Over the past three months I have lived in Thailand working as an English teacher for children.  I came here because my number one desire was to do what God wanted me to do, and God’s desire happened to be flying all the way to Thailand to teach at a small Christian tutoring school run by Thais. Well, I have exited the honeymoon phase. Doing God’s will can feel like a punch in the stomach sometimes as I have discovered insecurities and weaknesses about myself I have never considered until now.
 
The man who hired me said at one of our meetings, “We’re all in a boat in the middle of the ocean, and we’re traveling the same direction with the same purpose. Some of you might want to jump out of the boat because you’re tired and want to leave. But you don’t know how far the shore is. Maybe it’s farther than you thought. Maybe there are sharks . . .” Unfortunately, I have been that person who has wanted to dive right back into the water and swim to shore. Who cares about sharks? Who cares that God told me to go here? I’m beginning to sympathize with Noah. I’m beginning to think: Sure, let the big fish swallow me up for a few days. If it means taking a rest, I’ll welcome it.
 
In a way, I did get swallowed by a fish. I am sitting here recovering from an illness that has lasted a few days and has kept me from work. But that is beside the point.
 
My time teaching at this school has not run smoothly. Just because God called me to teaching, I am not the highly favored foreigner teacher who is “gifted” by God in the art of teaching. I have had to make more mistakes than successes, and thank God, those mistakes have been turned into good things. For example, I tried to use a “fun” punishment for students who came to class chronically late. They had to dance with the teacher.
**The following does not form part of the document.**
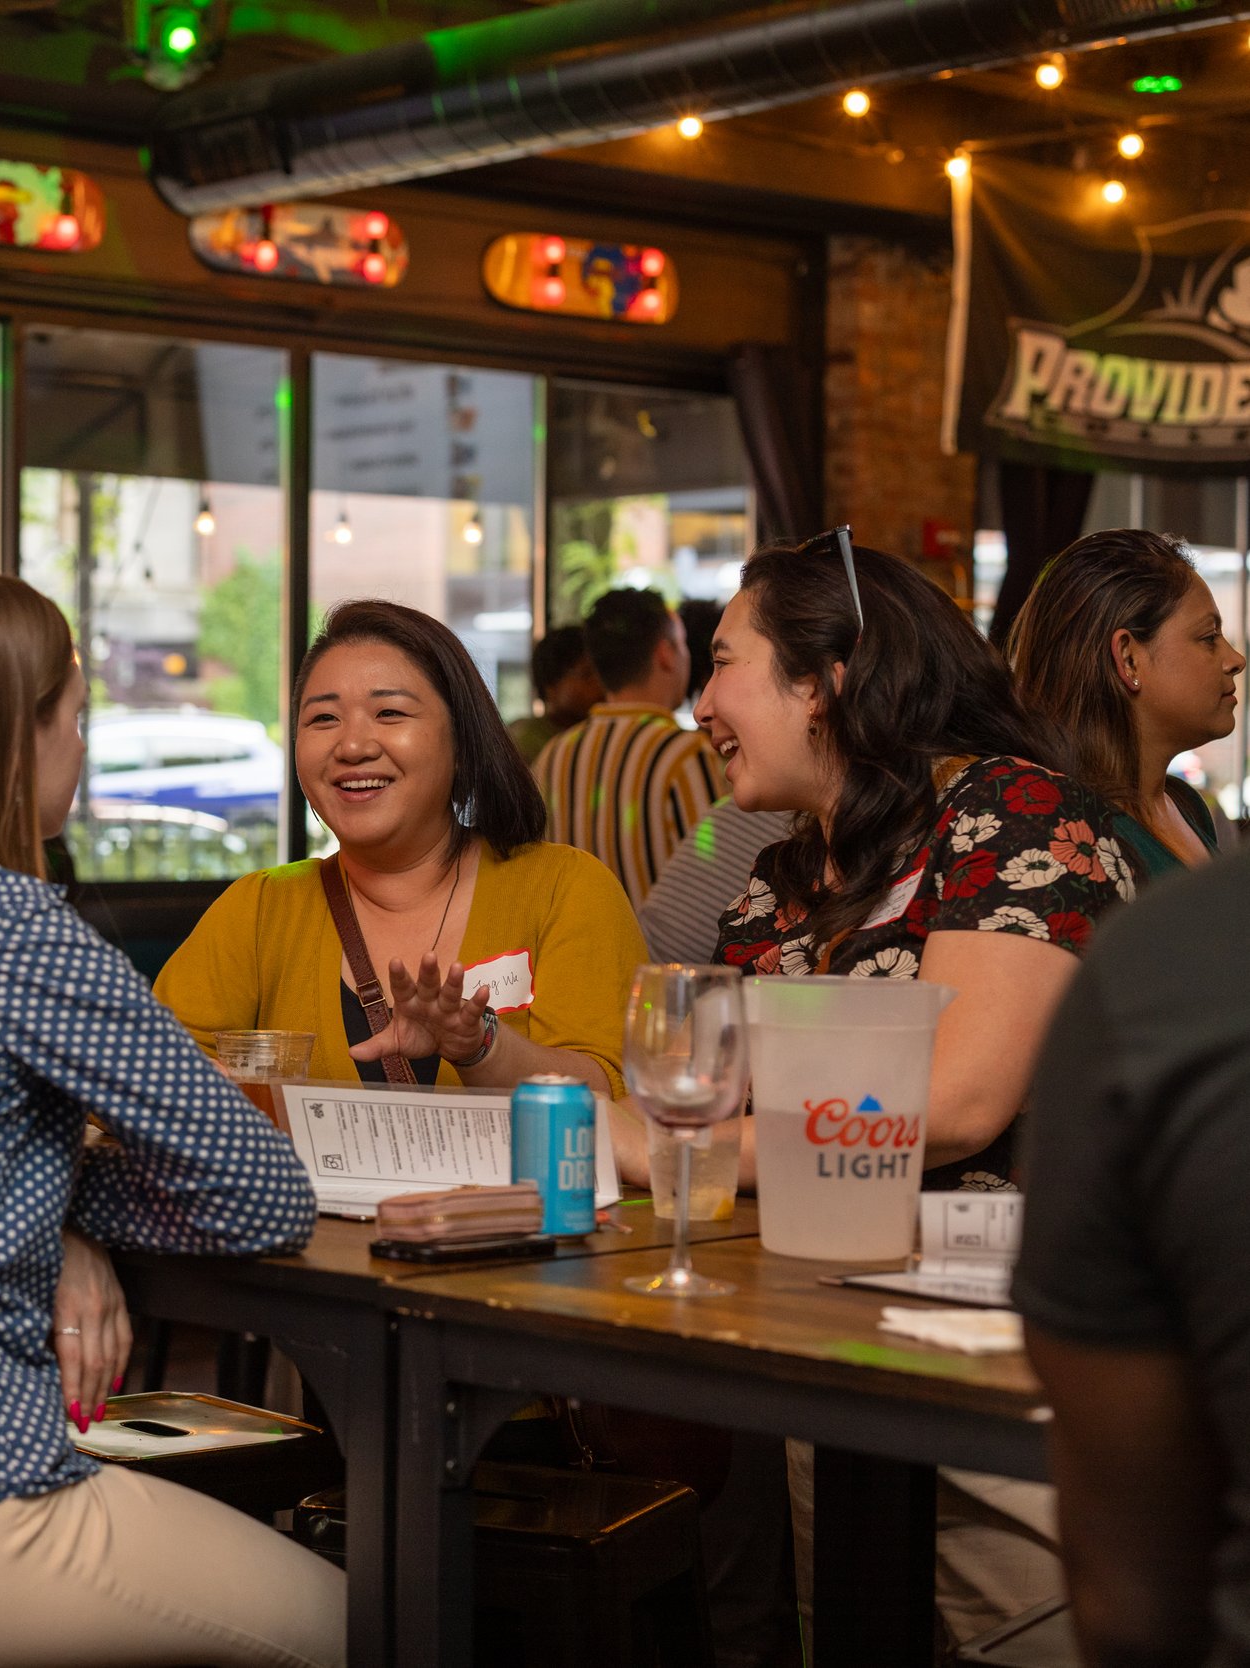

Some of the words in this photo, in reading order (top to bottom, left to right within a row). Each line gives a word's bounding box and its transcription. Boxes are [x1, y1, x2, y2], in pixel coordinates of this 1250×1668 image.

[803, 1098, 921, 1148] Coors
[564, 1127, 594, 1159] LO
[817, 1152, 910, 1180] LIGHT
The ritual lasted only one week because I could see my late students hated it. One student wanted to leave the school because she was afraid I would make her dance! Thanks to my boss’s wife, she talked to my student, and she was back in class, on time, with a smile. She had forgiven me! My boss’s wife knows how to work magic.
 
In films like Dances with Wolves and Avatar, it’s the foreigner who learns how wrong his old culture is and how it is important he adopt the new (and better) culture. This concept is only partly true. Though I do not see American culture as wrong, it is true that I have had to adopt the Thai culture into the classroom to be successful. But I have this secret belief that not everyone is a kin of their culture. For example, I believe my maternal grandmother is actually Japanese at heart. But I digress. Almost every student I have taught has a fear of shame that is ingrained in the Thai culture. This is why “saving face” is so important, and this is why indirect communication is a sign of respect (personally, it still drives me a little crazy). And then I met three of my students in my smallest class. They are wild little monkeys. None of the indirect approaches were working. They were acting . . . American!
 
Believe me. I was ready for the direct approach. I wanted to give them a good spanking! (Still do). I wanted to kick them out of class. Finally, against the advice of my boss, I laid down a little tough love. I told them they were bad! I started keeping score of all the times they did not listen to me. I had lectured them many times, but I had never told them they were bad before.
 
After that, everything changed. They cared about the “bad behavior” tallies that piled up on the board (sometimes I would add a letter of their name every time I wanted to smack them). After class they still spoke to me, and they did not leave the school, and they asked about me when I was sick. They are still little rascals, but somehow I have gained their respect, whereas 90% of all my others students respect me when I protect them from direct honesty. Some students have even told me they love me.
 
In the end, I have not made a flawless transition into God’s purpose. I’m like those awkward, occasionally annoying lead female characters from movies like New Girl, Bridget Jone’s Diary, and most high school movies. We watch and wonder, “Is this supposed to be entertaining? Right now I just feel awkward.” Unfortunately, I don’t have an infectious nervous laugh and spritely I-can-shrug-off-all-my-blunders kind of personality. So yes, if you saw me, you would really feel sorry, and maybe cry a little bit. But I’m staying in the boat because my failures open my eyes, and my mistakes have drawn me closer to my students. We forgive each other, respect each other, and consequently, love each other.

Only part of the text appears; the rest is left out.